_Problem:_
Please write out the entire listing below exactly, excluding its pictures.

——

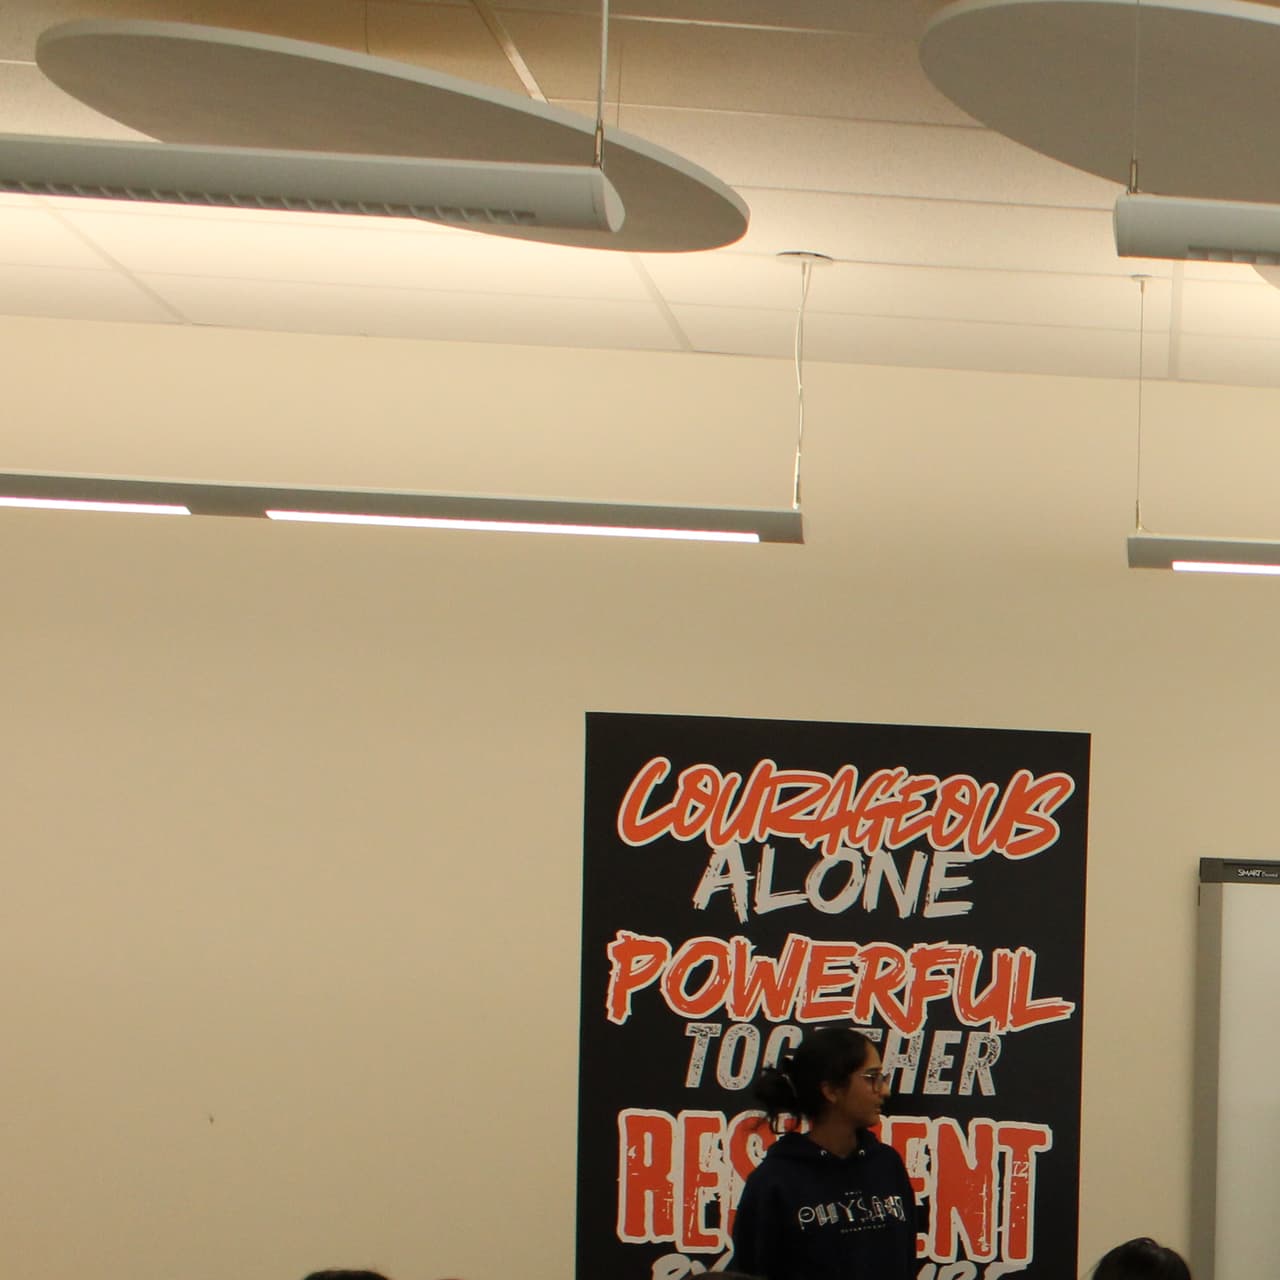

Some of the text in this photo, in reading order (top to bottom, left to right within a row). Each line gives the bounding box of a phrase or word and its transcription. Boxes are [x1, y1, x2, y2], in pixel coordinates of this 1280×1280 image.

[618, 757, 1075, 860] COURAGEOUS
[692, 842, 974, 924] ALONE
[607, 930, 1076, 1034] POWERFUL
[685, 1022, 1001, 1096] TOGHER
[617, 1108, 1053, 1264] RESENT
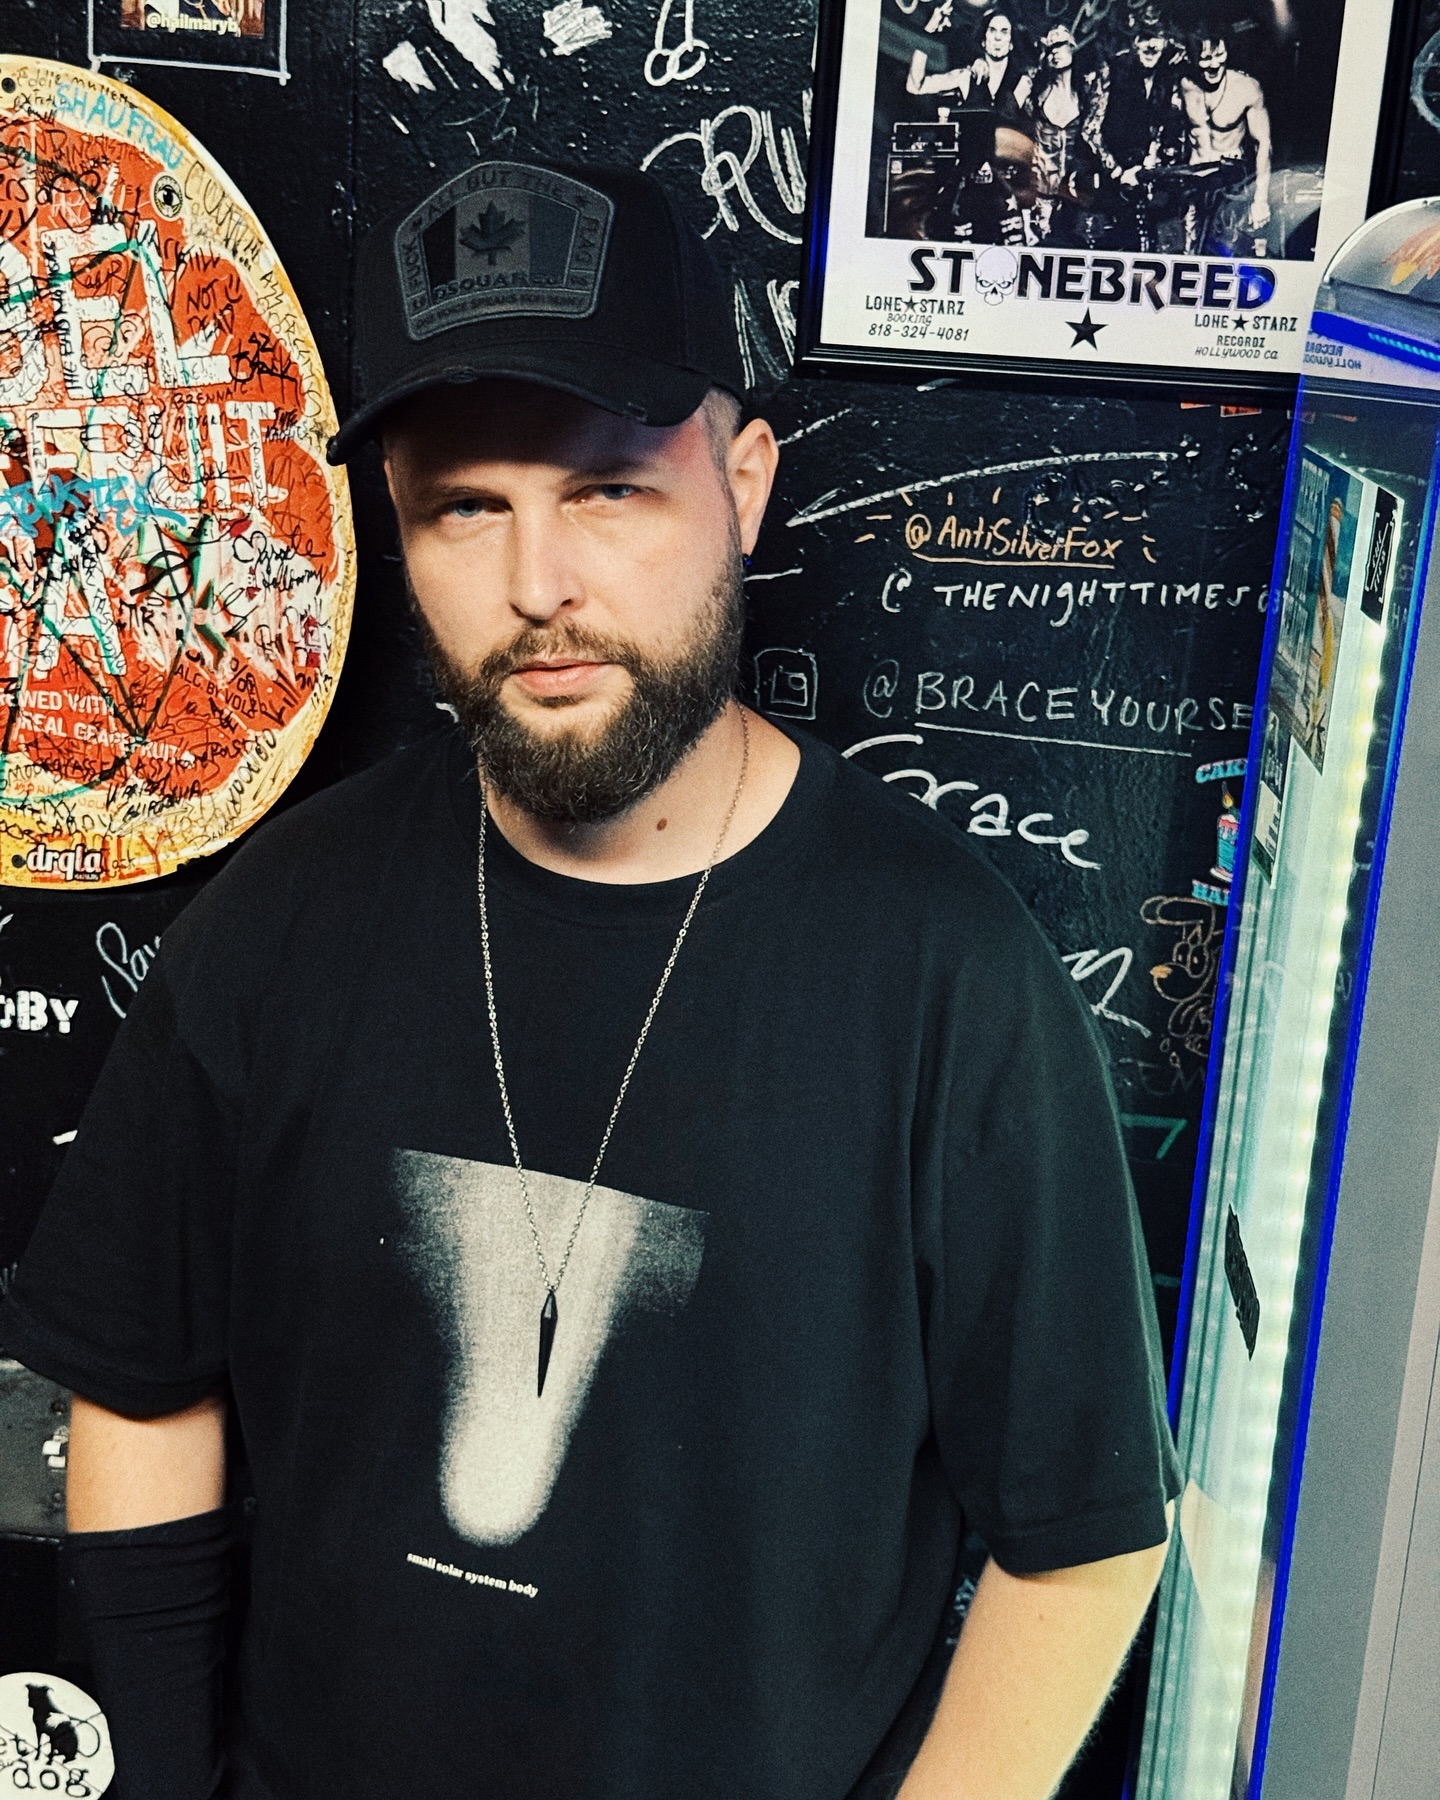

——

_Expected answer:_
Some of the text in this photo, in reading order (top to bottom, left to right within a row). Each line gives the bounding box of a phrase or word and its transcription. Boxes are [x1, y1, x2, y2], in pixel coordinates of this 1280×1280 image.

[618, 757, 1075, 860] COURAGEOUS
[692, 842, 974, 924] ALONE
[607, 930, 1076, 1034] POWERFUL
[685, 1022, 1001, 1096] TOGHER
[617, 1108, 1053, 1264] RESENT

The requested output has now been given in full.